PROTHALAMION
Light - low far-clouded light, pale-flooding tide
of clarity and space - rise higher; break
the sea-wall of his rest; let him awake
and smile, as at the bride
whom you will bear to him. And for her sake
pour out your tenderness and all your power
and make them his. Be risen, virgin sky
of his last solitude, and lift on high
his wonder and his love, that from this hour
another world may flower.
World - you that have been, you that will be, hers -
do not arouse her yet; this is the grey
and indigo of morning, not of day.
No chorus, no cloud, stirs.
You then that sweep the dying world away,
forbid awhile the saffron streamers and
fierce hymeneal torches of your eat:
she will have time for all when you have ceased.
Both worlds be gentle, and now most: command
Your spinning hours to stand.
Sun, they will not. But sun that on my panes
coldly by callous glistening disobeyed,
leave her asleep awhile where she is laid
among your subtle chains:
all you see there is soon to be unmade.
Still in the calm and secret of her room,
as in a garden, wake the folded scents:
apple and flower and grass; the sweet warm tents
of her young bed; the petalled flesh in bloom
which is its own perfume.
Day, make her window glad; and when your blue
is a tall purity of splendour, lift
her unreluctant eyelids to that gift,
and let her come to you.
Let her uprising and her blood be swift;
and when she greets you, wings your melting air
with strength to carry - oh invisible dove -
myrtle and rose between her and her love.

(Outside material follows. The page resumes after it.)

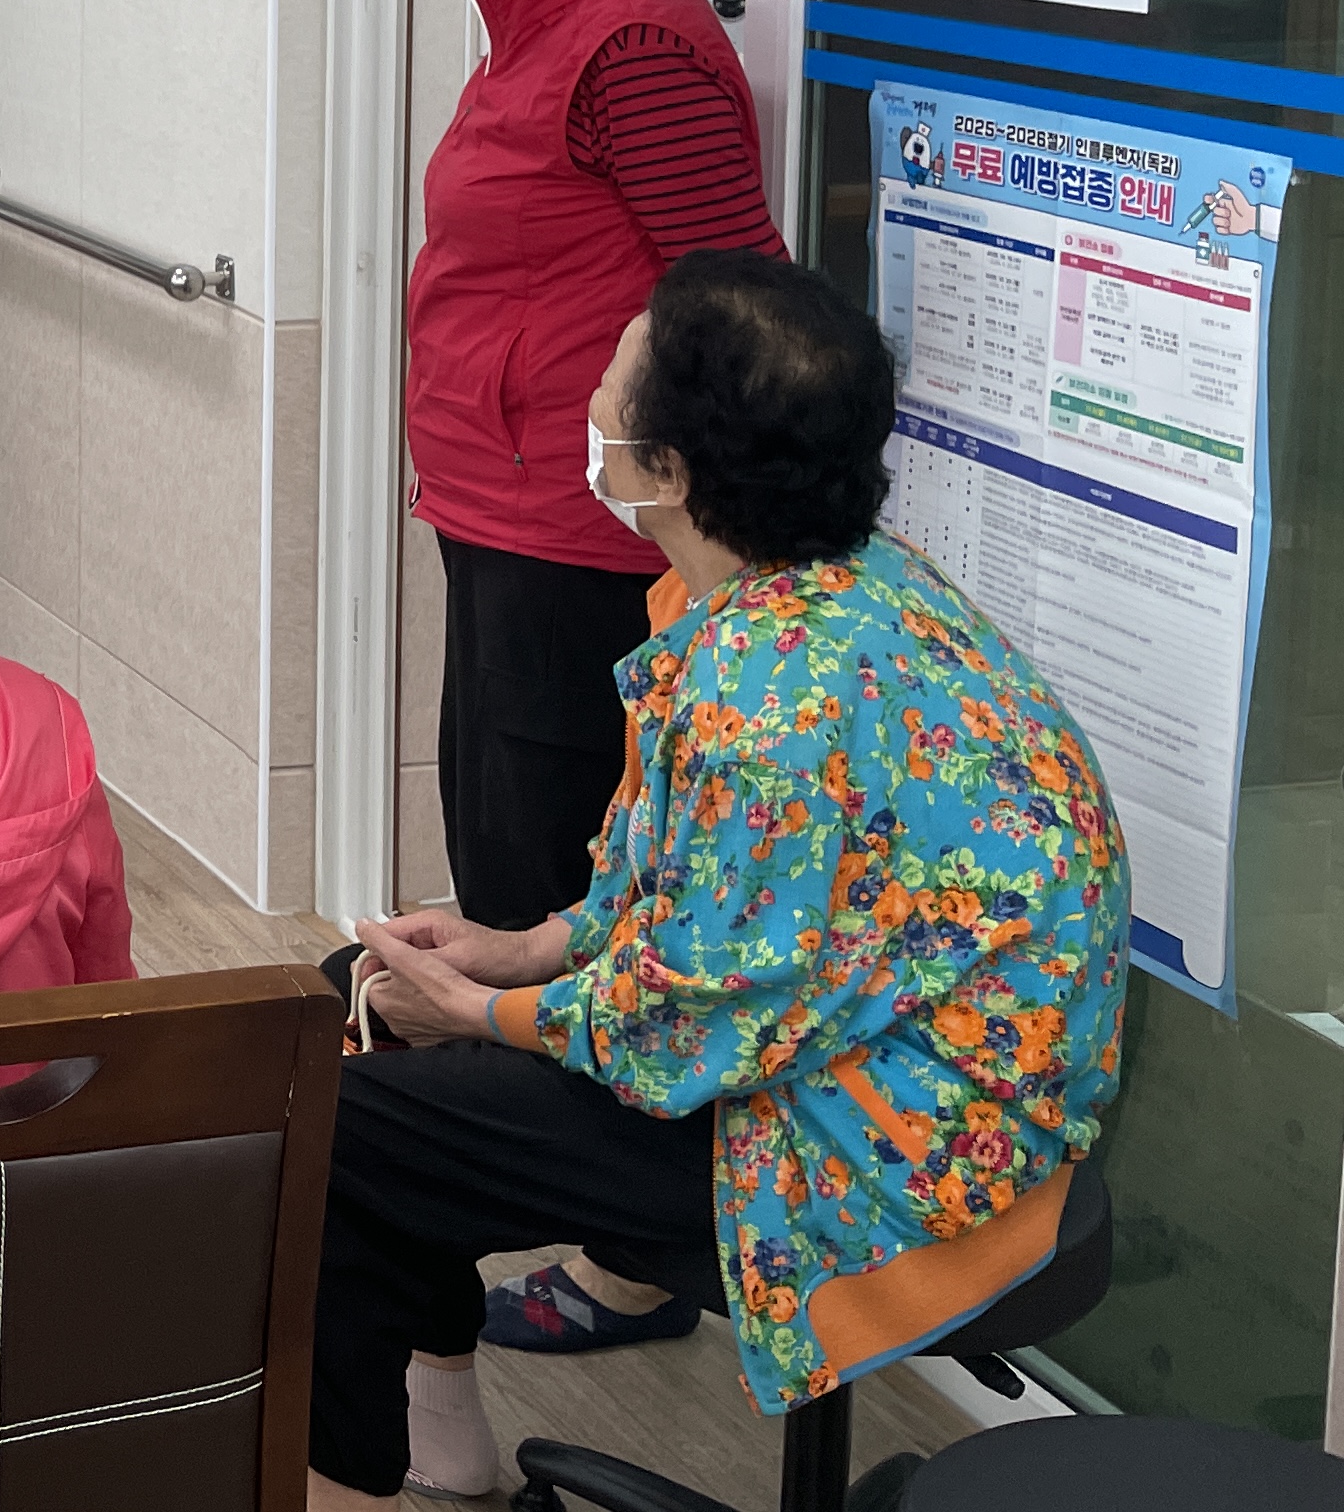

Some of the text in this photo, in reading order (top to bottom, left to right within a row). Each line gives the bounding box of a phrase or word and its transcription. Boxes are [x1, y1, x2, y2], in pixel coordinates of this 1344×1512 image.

[952, 141, 1174, 223] 무료 예방접종 안내
[1075, 138, 1179, 176] 인플루엔자(독감)

But let the voices of all those who bear
love towards her, whisper there.
Air, dulcet air who were their messenger,
now let their separate innocence unite
because you kiss them both. Or shape the bright
leagues that encircle her,
and shut him from her, to a weir of light -
a lens between them, by whose glittering bands
they are drawn close. Or make the burning-glass
from their own bodies, that the fire may pass
more keenly the wide focus of their hands
than where her mirror stands.
Glass, happy glass, that to your lucid hear
may hold so much unhindered loveliness,
let all your coloured beams reach out and bless
her body set apart,
which you may learn then all but one must guess.
This let her watch a little, while there stray -
remembering and prophetic, though her own -
hands on the moth's-wing of her flesh: long known,
but dedicate to strangeness by today,
it has goodbyes to say.
Birds in your towers of sapphire, and that swim
gold-haunted reaches of the wind, and sing
down diamonds upon us: let the ring
that seals her now to him
be emblem of your jewelled ways, and bring
no thought less tender than our speech and yours.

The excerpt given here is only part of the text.